Cause and Cure Remain Unknown:
Scientists don't yet know what causes MS and therefore, don't know how to prevent it or cure it. And for reasons not yet understood, MS seems to be more common in women and white populations, affecting two females for every male and two whites for every non-white person.

 

Thousands of Americans have MS

 

Who can be Diagnosed with MS?
MS is usually diagnosed in young adults between the ages of 15 and 50, with the peak at 27.5 years of age. Half of the known cases begin before the age of 30, three-quarters before age 40. For unknown reasons, the disease is most frequently found among people in the colder climates, both north and south of the equator.

 

Contagious?
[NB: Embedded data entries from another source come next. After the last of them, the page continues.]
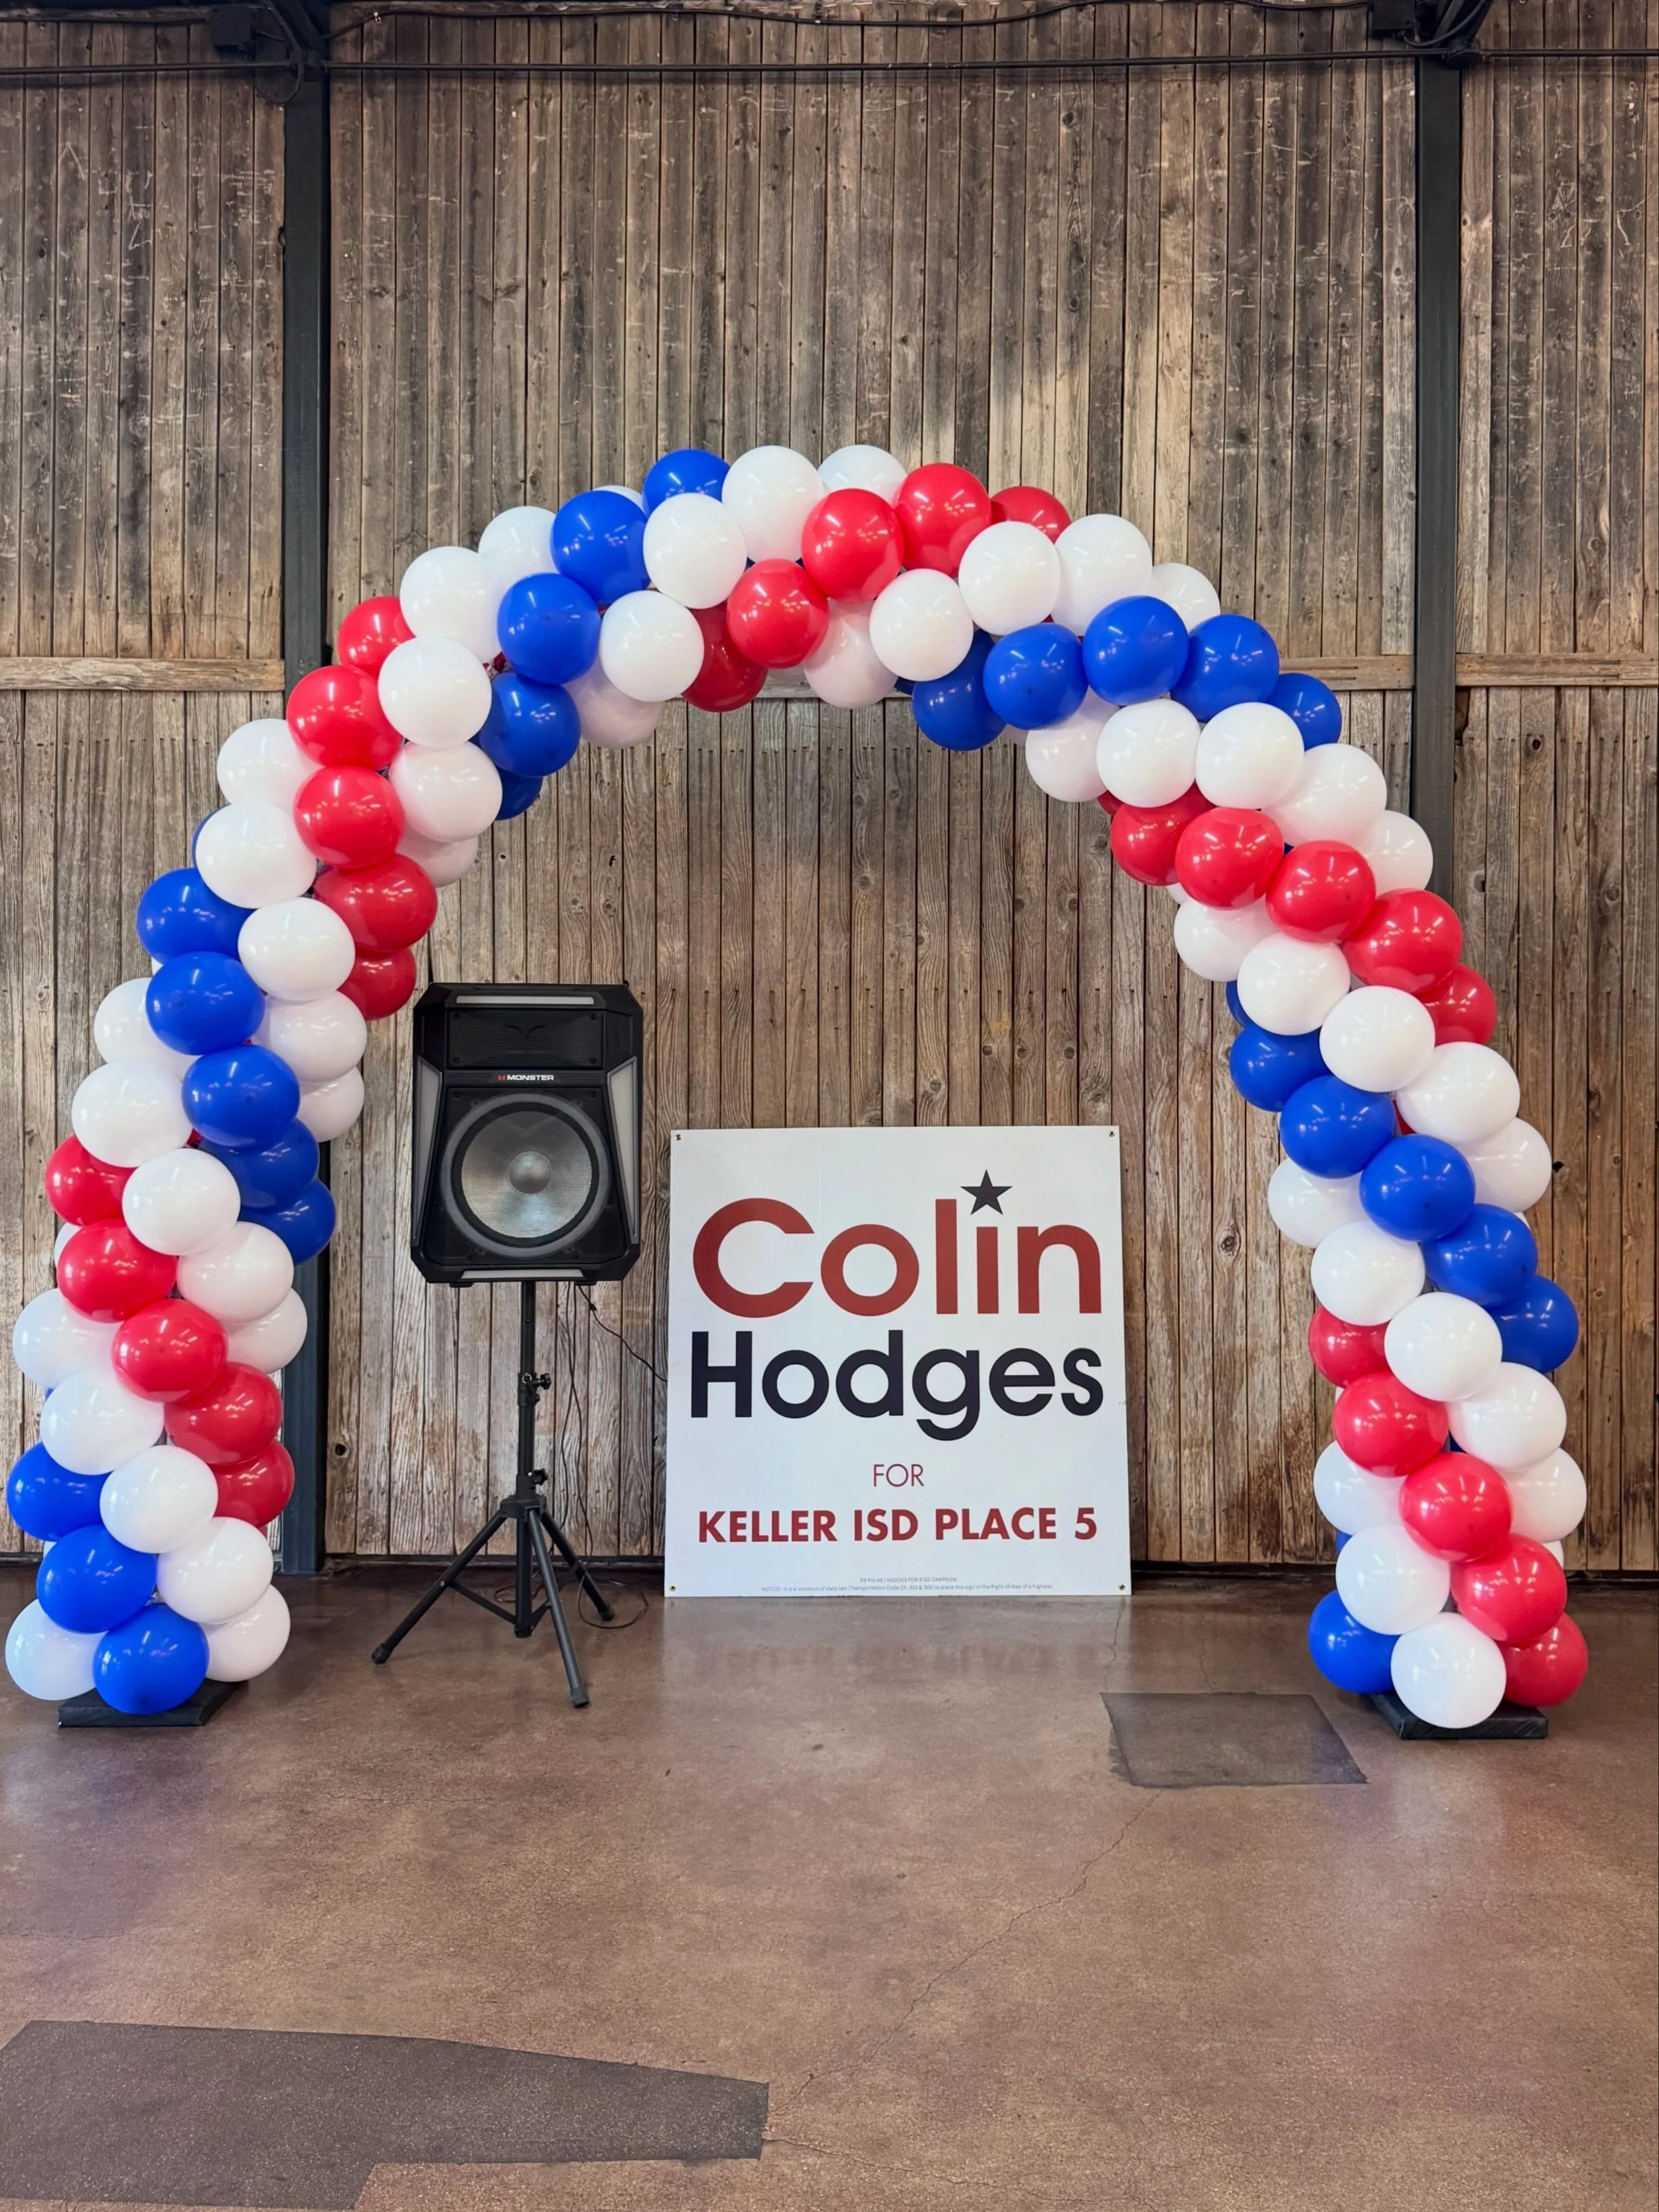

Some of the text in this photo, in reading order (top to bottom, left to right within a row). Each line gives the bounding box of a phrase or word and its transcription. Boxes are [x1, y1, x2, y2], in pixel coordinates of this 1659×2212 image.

[693, 1169, 1102, 1318] Colin
[691, 1330, 1103, 1441] Hodges
[874, 1464, 924, 1487] FOR
[699, 1507, 1096, 1542] KELLER ISD PLACE 5
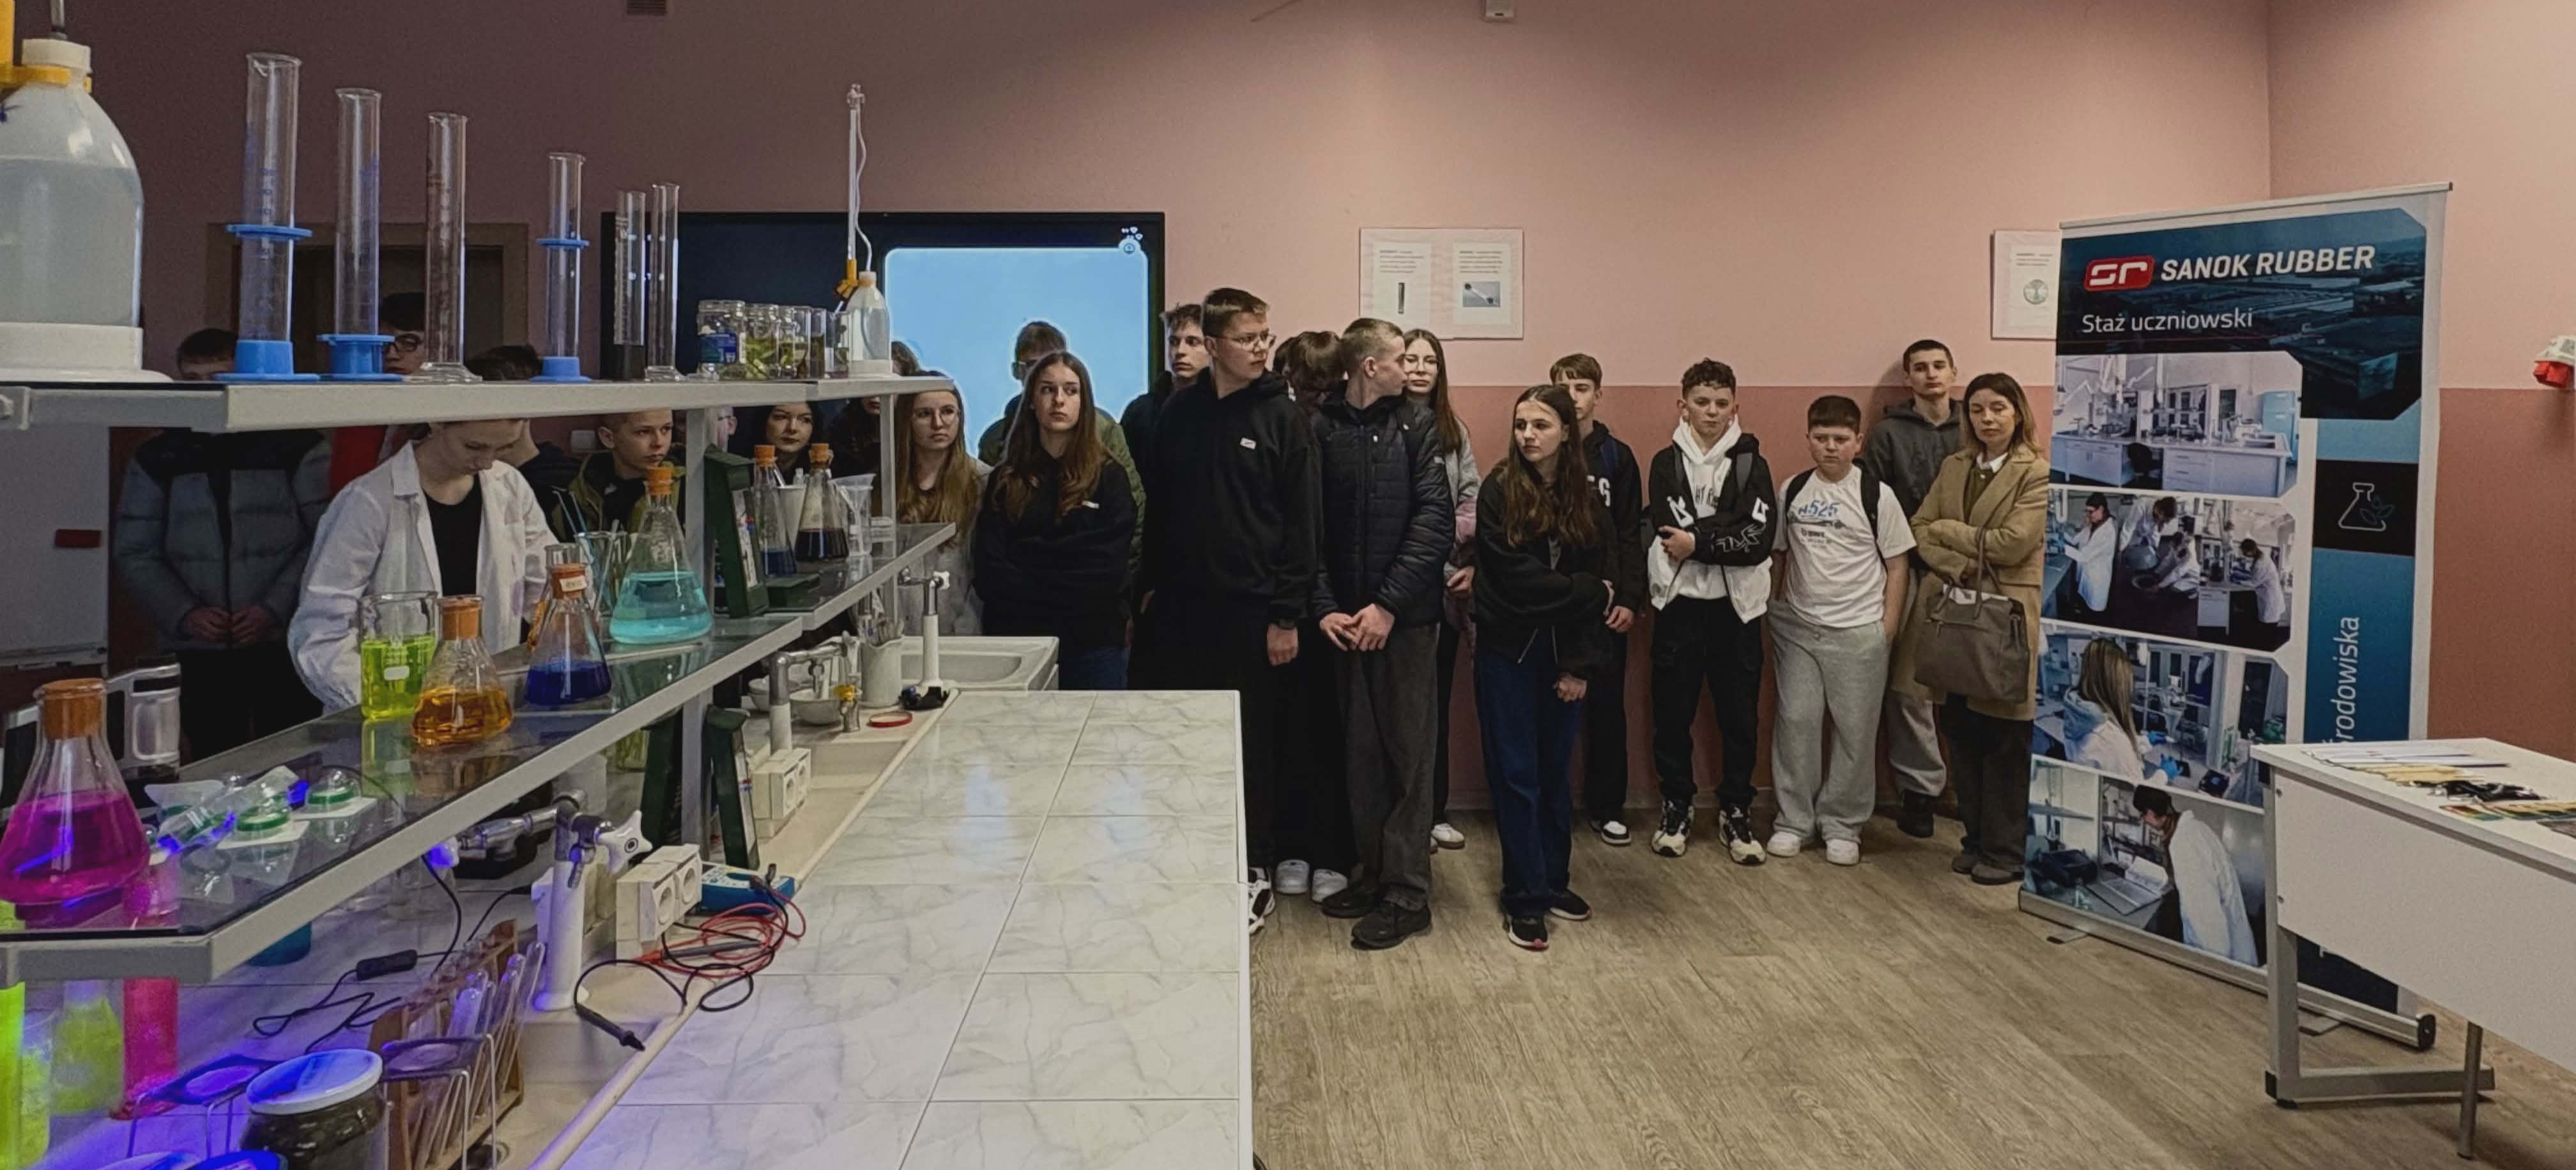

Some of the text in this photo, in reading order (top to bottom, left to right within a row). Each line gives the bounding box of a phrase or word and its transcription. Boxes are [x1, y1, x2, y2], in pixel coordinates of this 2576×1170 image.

[2161, 254, 2251, 281] SANOK
[2255, 245, 2375, 275] RUBBER
[2082, 307, 2253, 333] Staż uczniowski
[2322, 616, 2360, 743] rodowiska
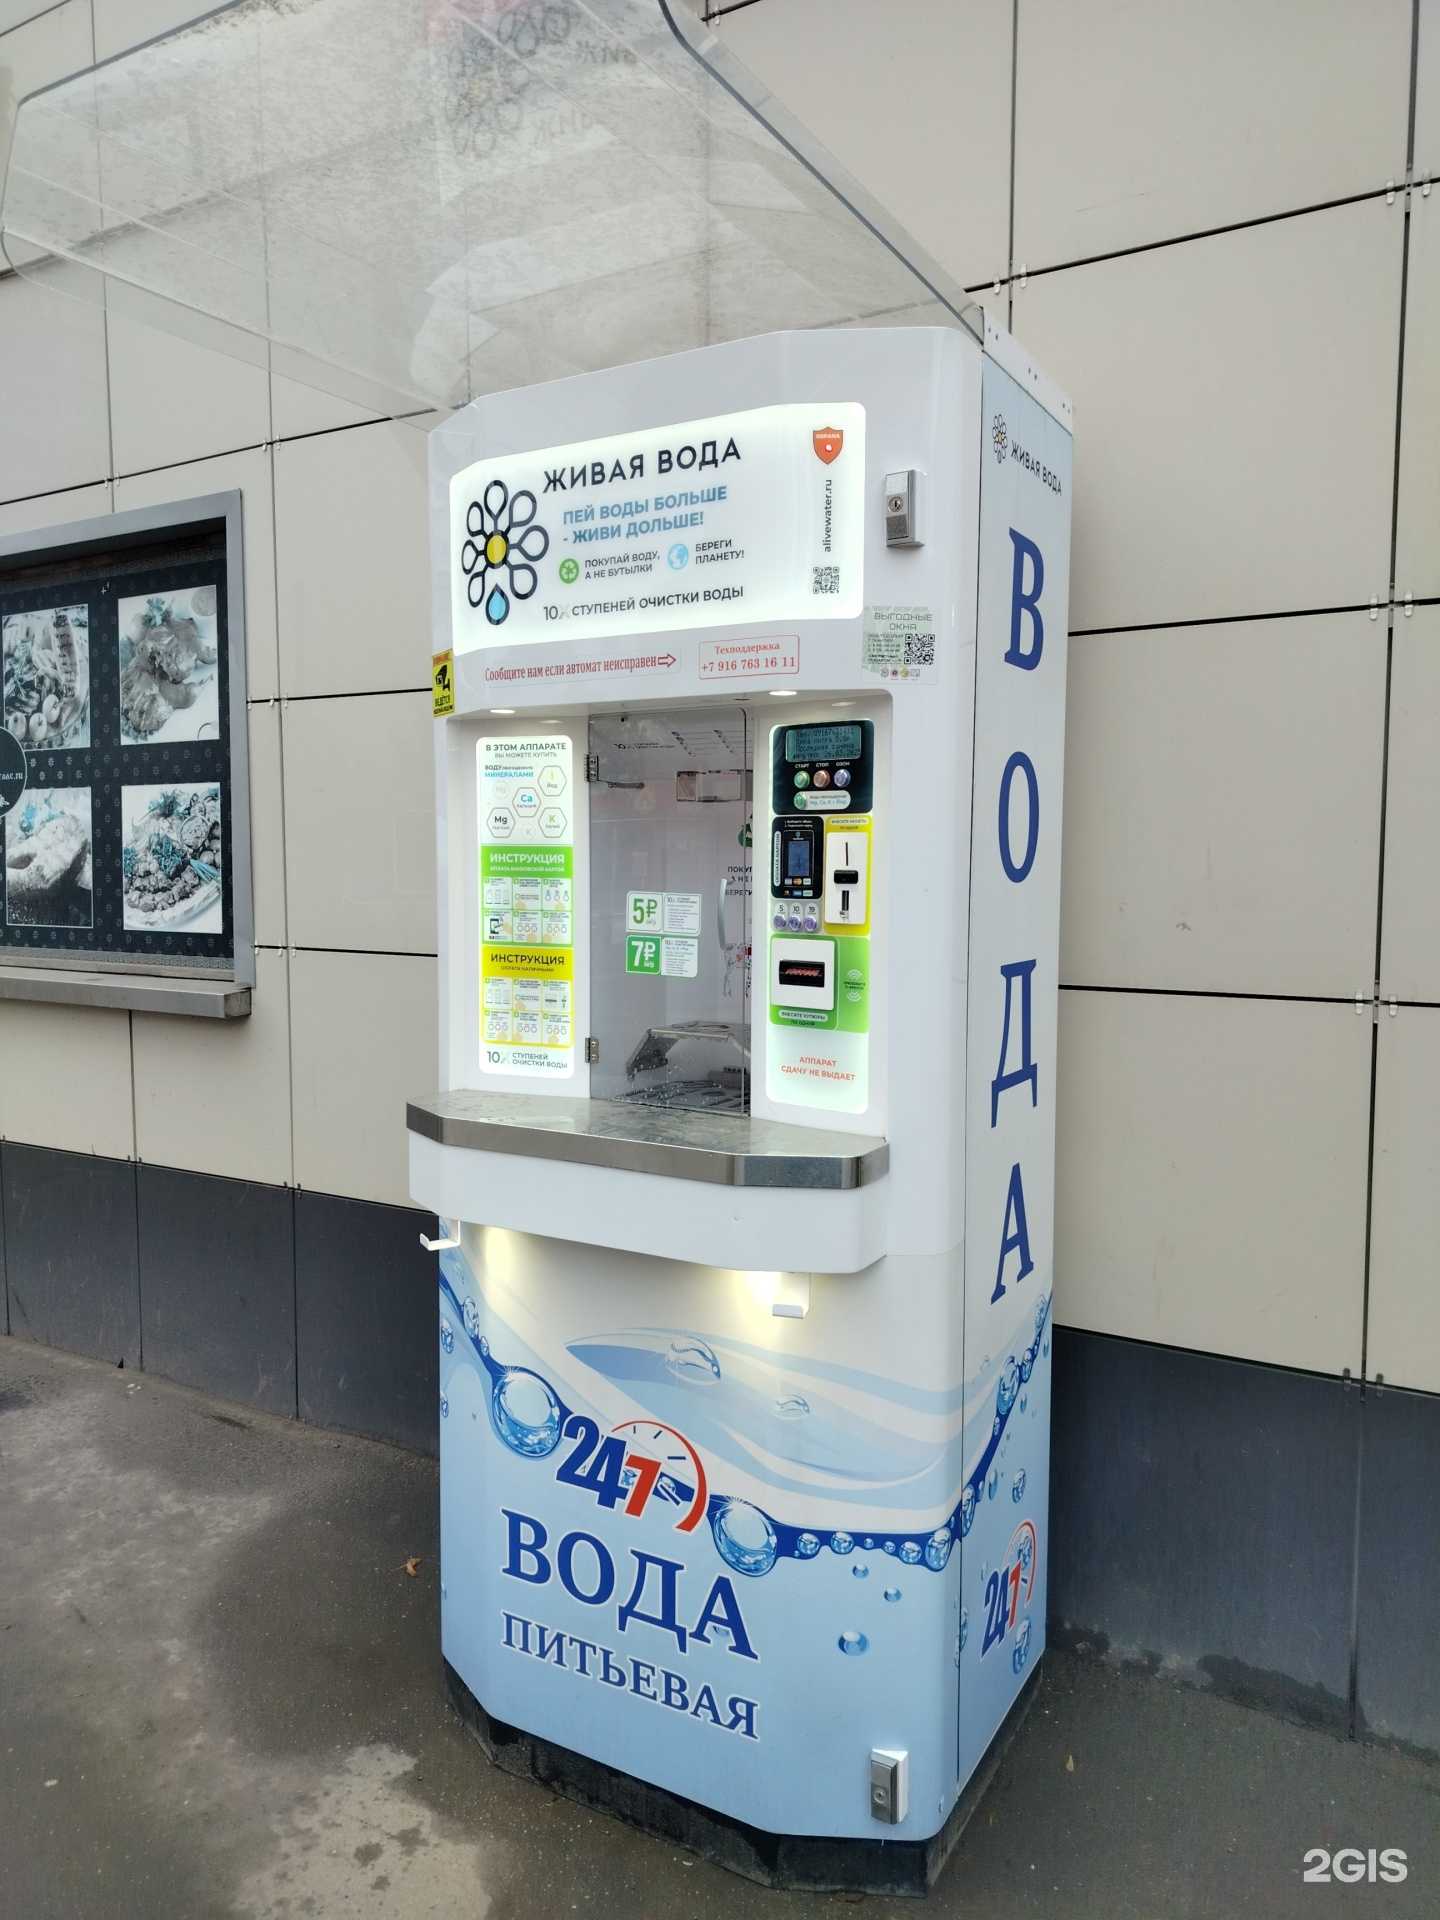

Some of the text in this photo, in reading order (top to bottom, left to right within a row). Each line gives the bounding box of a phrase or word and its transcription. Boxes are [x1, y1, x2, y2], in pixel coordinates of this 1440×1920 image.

Hereditary?
Multiple Sclerosis is not contagious or hereditary. It's not a mental illness. It is a disease of the central nervous system (the brain, spinal cord, and nerves). Nerves have a protective coating around them called "myelin." When someone has MS, this protective coating is chipped away exposing the nerve and preventing messages from the brain to pass along the nerve pathway in a normal fashion.


MS chips away the nerve's protective coating
Symptoms:

Depending on how damaged the myelin is and in how many places, a person develops symptoms. The symptoms can be very mild, moderate, or severe depending on the scarring in the nerves and the type of MS a person has.